There is a valuable lesson in this for today’s woodworkers: We need to be careful about where we derive our standards of “good” work and sense of appropriate tolerances. Sometimes this means separating truth from myth. We need to recognize that modern dogma about engineer-like precision and glass-smooth secondary surfaces is an anomaly in the history of craft. As these photographs reveal, tear-out, knots, and coarse plane tracks are normal characteristics of hand work throughout history. It’s not sloppy or slipshod. It’s normal – even for the Shakers who aimed for perfection in all their efforts.
As Brother Arnold explained to us, dealers and curators have developed a mythology around Shaker furniture in order to market these objects at art prices. A painted vernacular chest that would normally sell for $200 might command 10 times that amount if the word “Shaker” could be associated with it.
Woodworkers are not immune to this tendency – we can fall into the trap when we perpetuate this myth of supernal precision in order to charge astronomical prices for our Shaker reproductions. We also need to be careful about how we present the work of those gone on before us, especially if it is the work of another culture, faith, or people.
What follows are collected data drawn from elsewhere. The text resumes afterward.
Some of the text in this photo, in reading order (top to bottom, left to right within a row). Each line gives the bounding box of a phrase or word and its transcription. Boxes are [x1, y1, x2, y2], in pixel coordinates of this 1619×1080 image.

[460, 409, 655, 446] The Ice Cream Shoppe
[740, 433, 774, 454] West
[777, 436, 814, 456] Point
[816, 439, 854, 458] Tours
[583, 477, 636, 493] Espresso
If we desire to understand the richness of a craft tradition, we must look closely at the originals and tell the truth about what we see.
Based on the examination Mike and I have done, it appears that while the Shakers’ design might have been unique amongst their contemporaries, their craftsmanship was not. The countless pre-industrial Shaker pieces we examined exhibit the customary blow-out, tear-out, and unevenness of typical period work. Much of it was competently and conscientiously built, but none of it emanated divinity.
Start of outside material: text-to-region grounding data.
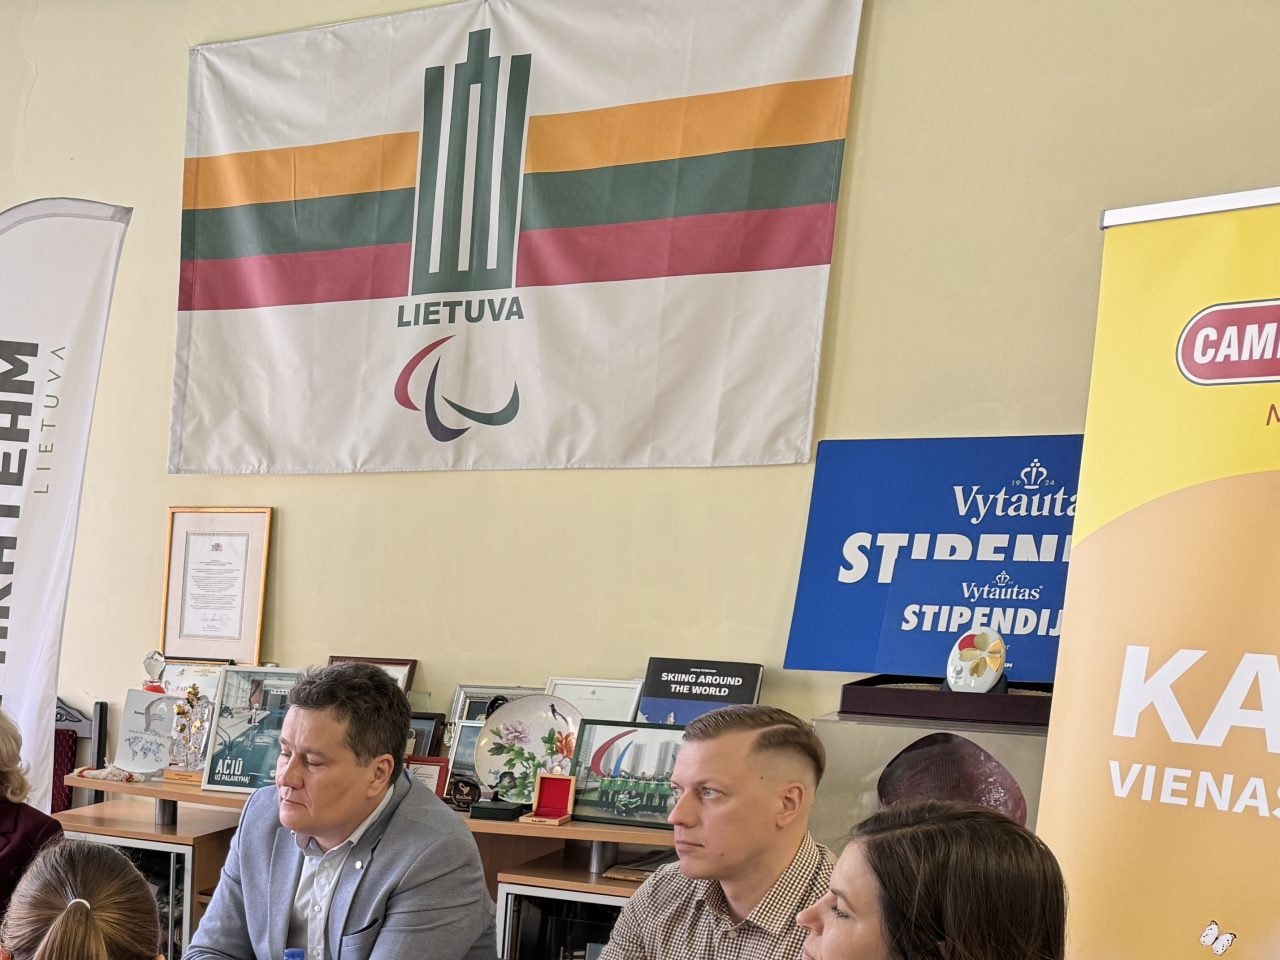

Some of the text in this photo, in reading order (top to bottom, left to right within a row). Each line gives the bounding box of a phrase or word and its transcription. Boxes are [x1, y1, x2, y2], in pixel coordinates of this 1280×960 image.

[397, 296, 525, 328] LIETUVA
[1193, 322, 1280, 364] CAM
[33, 346, 66, 494] LIETUVA
[962, 582, 1041, 602] Vytautas
[661, 672, 743, 686] SKIING AROUND
[670, 684, 729, 696] THE WORLD
If any dealer, curator, or furniture maker tries to tell you that Shaker faith inspired uniquely precise or smooth work, I encourage you to show them Brother Arnold’s words and the photos in this essay. Or better yet, invite them to see these objects in person. All it takes is a flashlight presented at a low angle and these tool marks stand forth plain as day.
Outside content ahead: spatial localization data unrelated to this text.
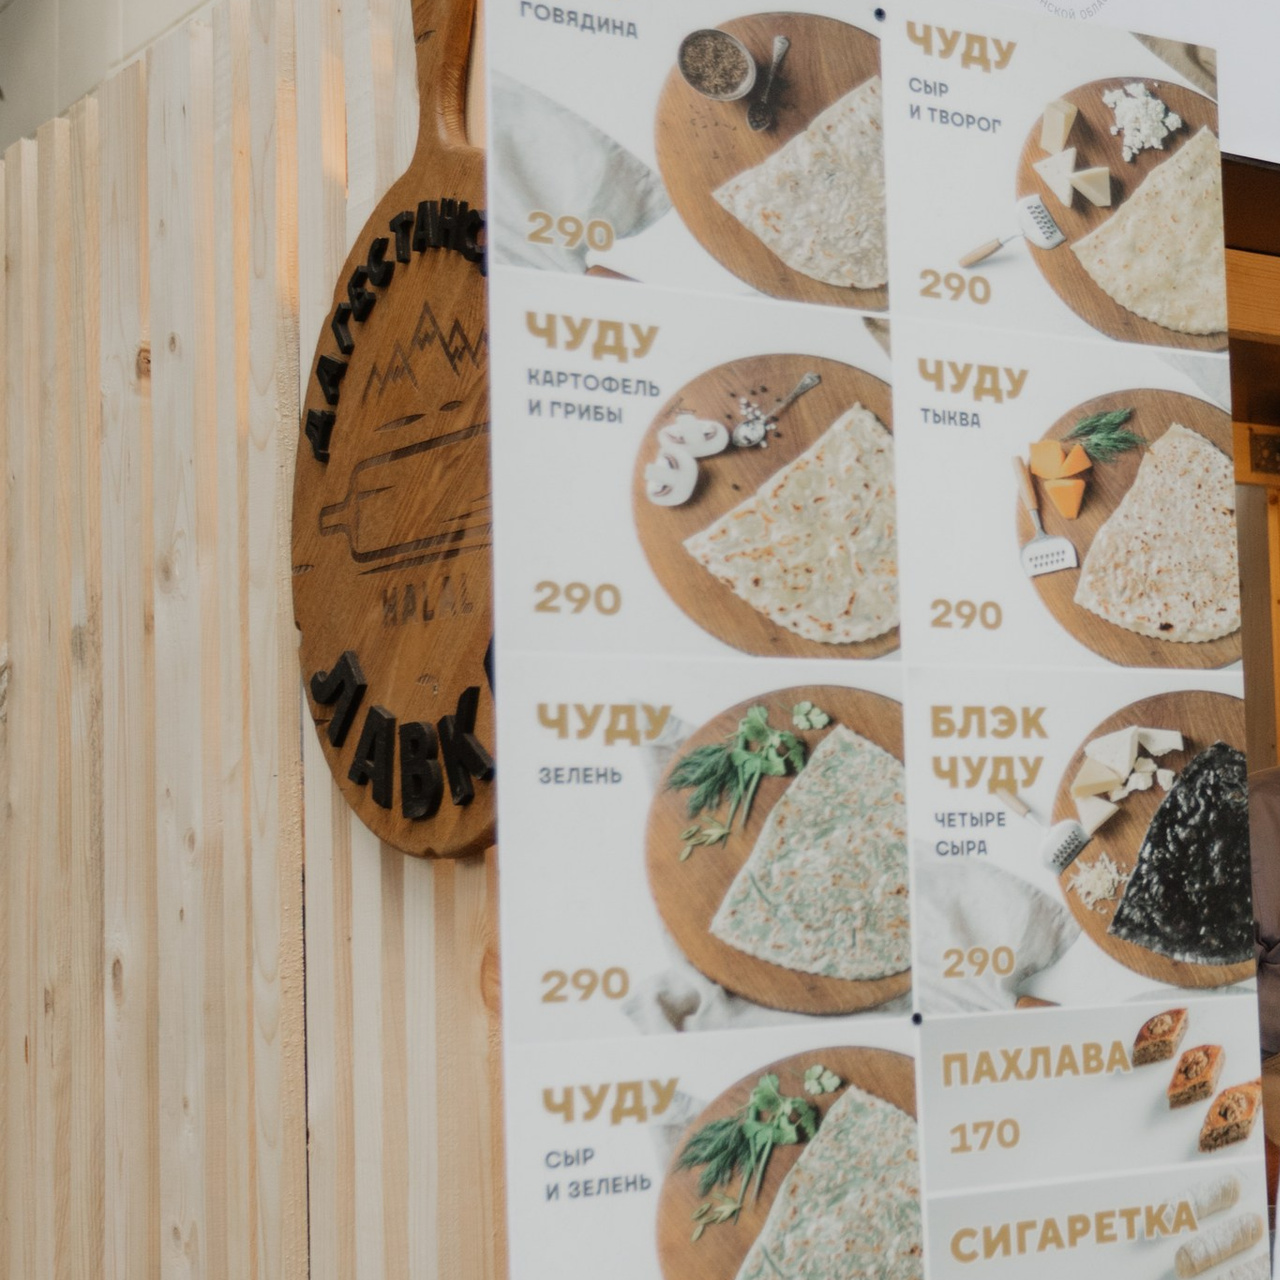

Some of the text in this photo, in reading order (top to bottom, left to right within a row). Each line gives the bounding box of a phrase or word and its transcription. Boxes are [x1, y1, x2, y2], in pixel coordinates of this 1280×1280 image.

[518, 0, 640, 40] ГОВЯДИНА
[906, 20, 1017, 72] ЧУДУ
[908, 77, 950, 98] СЫР
[909, 104, 1002, 135] И ТВОРОГ
[526, 209, 616, 253] 290
[919, 268, 992, 305] 290
[525, 310, 660, 364] ЧУДУ
[527, 367, 662, 398] КАРТОФЕЛЬ
[917, 357, 1030, 404] ЧУДУ
[527, 399, 624, 424] И ГРИБЫ
[920, 407, 982, 429] ТЫКВА
[534, 580, 623, 616] 290
[929, 598, 1003, 631] 290
[536, 702, 672, 747] ЧУДУ
[929, 705, 1049, 739] БЛЭК
[538, 766, 624, 785] ЗЕЛЕНЬ
[931, 755, 1045, 795] ЧУДУ
[934, 811, 1007, 828] ЧЕТЫРЕ
[934, 839, 988, 856] СЫРА
[941, 946, 1017, 979] 290
[540, 966, 631, 1005] 290
[941, 1040, 1133, 1088] ПАХЛАВА
[542, 1077, 680, 1125] ЧУДУ
[949, 1117, 1021, 1154] 170
[544, 1146, 596, 1171] СЫР
[545, 1174, 653, 1202] И ЗЕЛЕНЬ
[950, 1200, 1199, 1264] СИГАРЕТКА
Yesterday’s craftsmen of all traditions developed a crucial blend of facility and pragmatism in the workshop. Mastery of the trade depended on accuracy where it counted and expediency where it didn’t – that is to say, these guys knew what was important and when to quit. Shaker furniture makers, like all other period craftsmen, left overcuts, tear-out, layout lines, and more because they were human beings just like you and me, no matter where they were on the road to perfection.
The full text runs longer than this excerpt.